=== Section Start ===

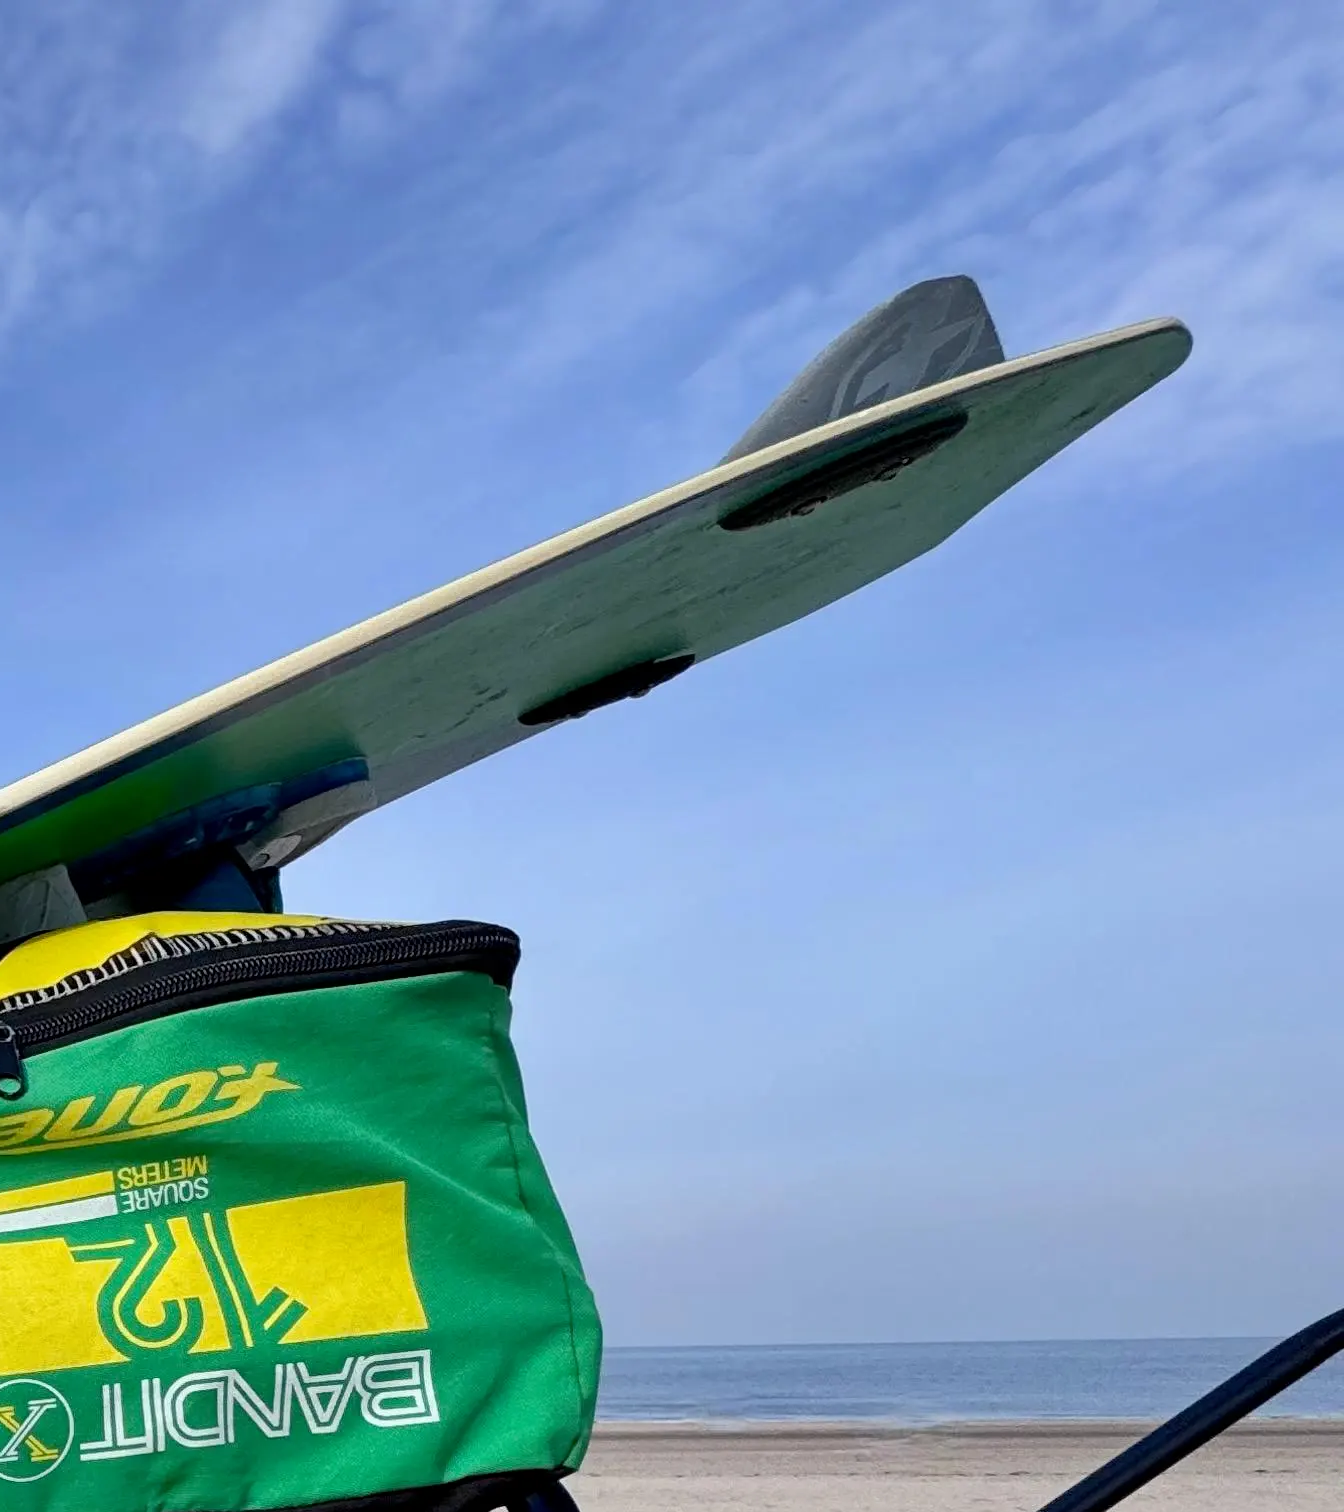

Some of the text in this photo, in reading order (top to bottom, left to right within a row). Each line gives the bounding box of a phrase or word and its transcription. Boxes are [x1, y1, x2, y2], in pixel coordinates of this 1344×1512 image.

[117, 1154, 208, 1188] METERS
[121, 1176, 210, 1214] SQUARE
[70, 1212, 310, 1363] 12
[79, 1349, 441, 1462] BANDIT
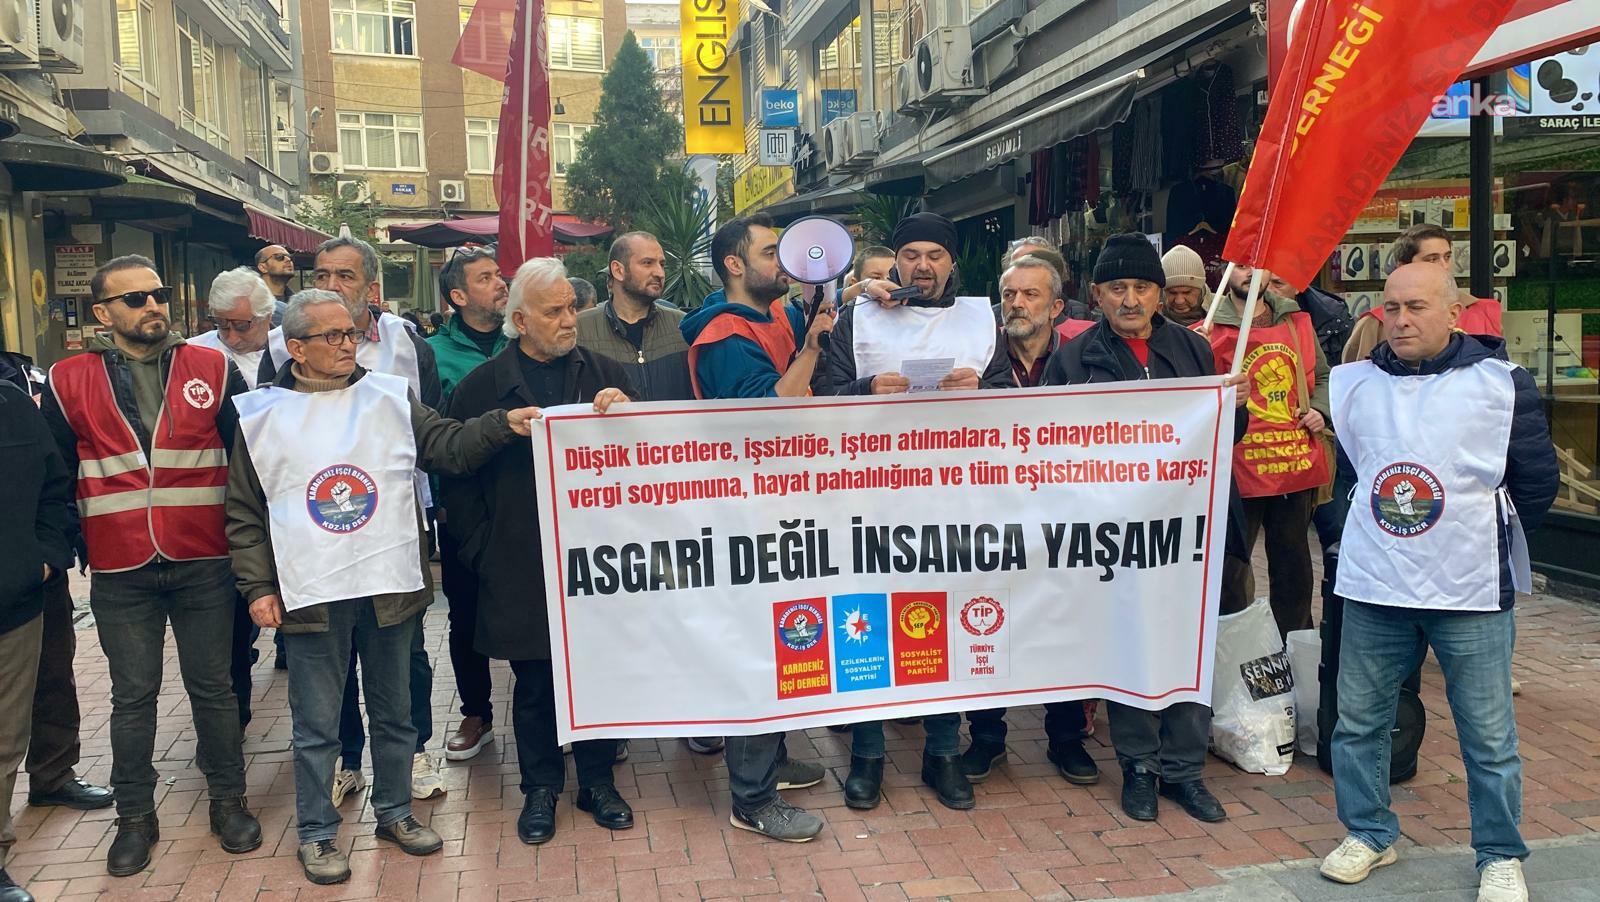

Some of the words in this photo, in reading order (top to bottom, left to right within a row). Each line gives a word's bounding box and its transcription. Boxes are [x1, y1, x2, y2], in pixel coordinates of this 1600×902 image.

=== Section End ===
=== Section Start ===

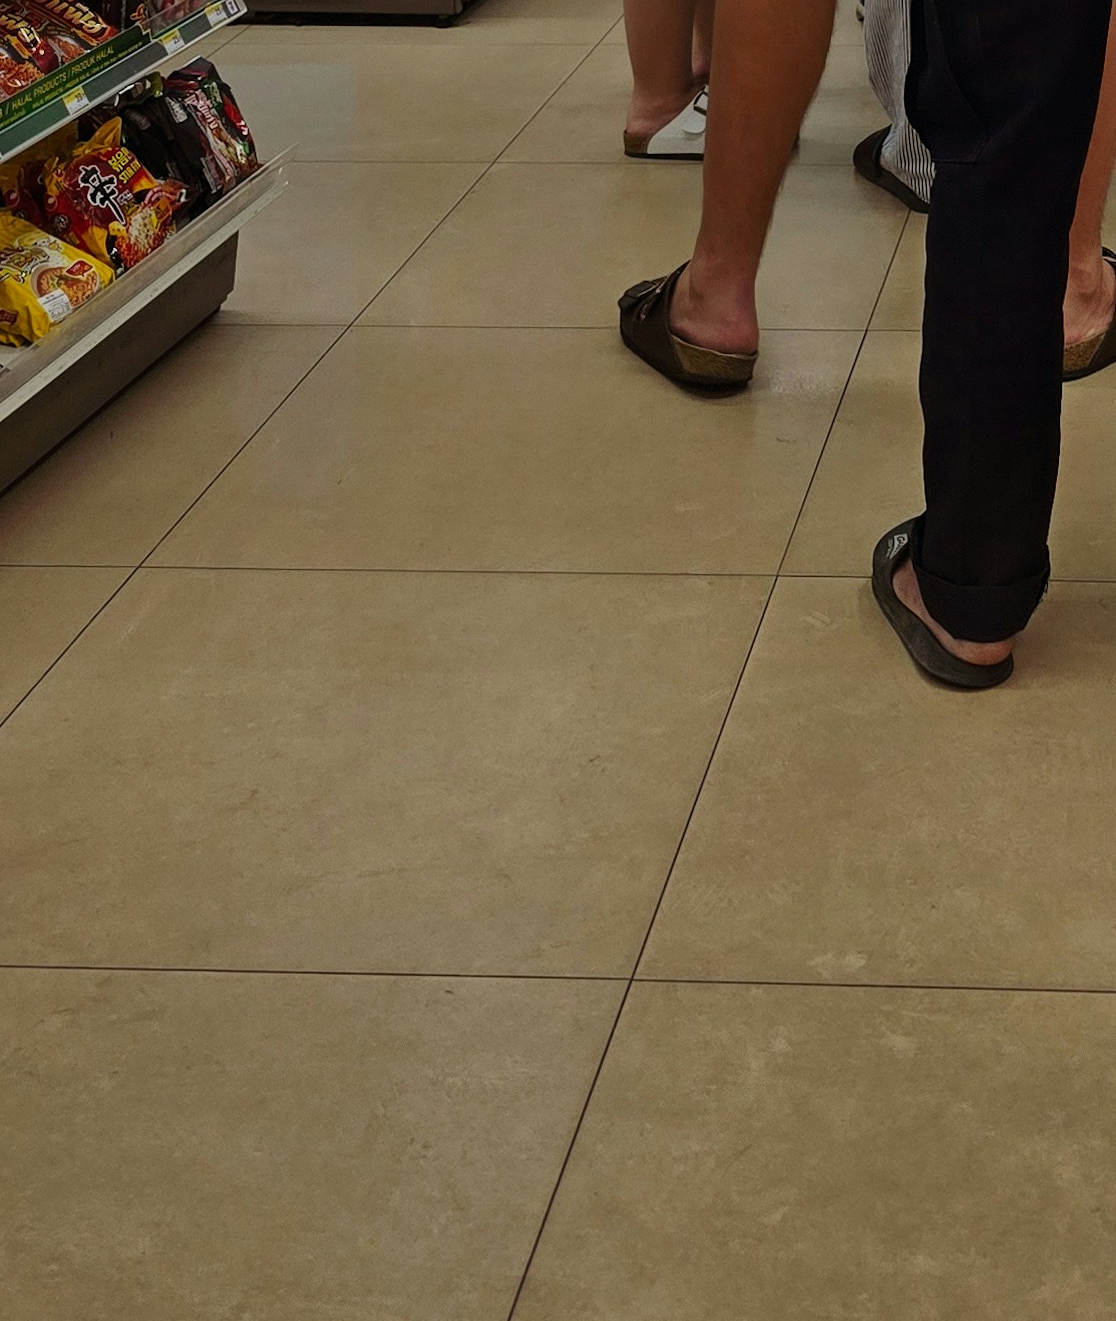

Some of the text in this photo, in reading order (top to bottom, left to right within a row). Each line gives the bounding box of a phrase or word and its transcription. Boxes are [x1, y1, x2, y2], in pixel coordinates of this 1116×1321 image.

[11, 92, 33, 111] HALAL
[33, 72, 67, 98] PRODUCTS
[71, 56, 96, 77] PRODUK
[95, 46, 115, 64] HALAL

=== Section End ===

| Prompt |
Within the material above, only the stretch from the line holding "this 1344×1512 image." through the line holding "Some of the words" is to be restated exactly. Pictures are dropped.

| Exercise response |
Some of the text in this photo, in reading order (top to bottom, left to right within a row). Each line gives the bounding box of a phrase or word and its transcription. Boxes are [x1, y1, x2, y2], in pixel coordinates of this 1344×1512 image.

[117, 1154, 208, 1188] METERS
[121, 1176, 210, 1214] SQUARE
[70, 1212, 310, 1363] 12
[79, 1349, 441, 1462] BANDIT

Some of the words in this photo, in reading order (top to bottom, left to right within a row). Each line gives a word's bounding box and its transcription. Boxes are [x1, y1, x2, y2], in pixel coordinates of this 1600×902 image.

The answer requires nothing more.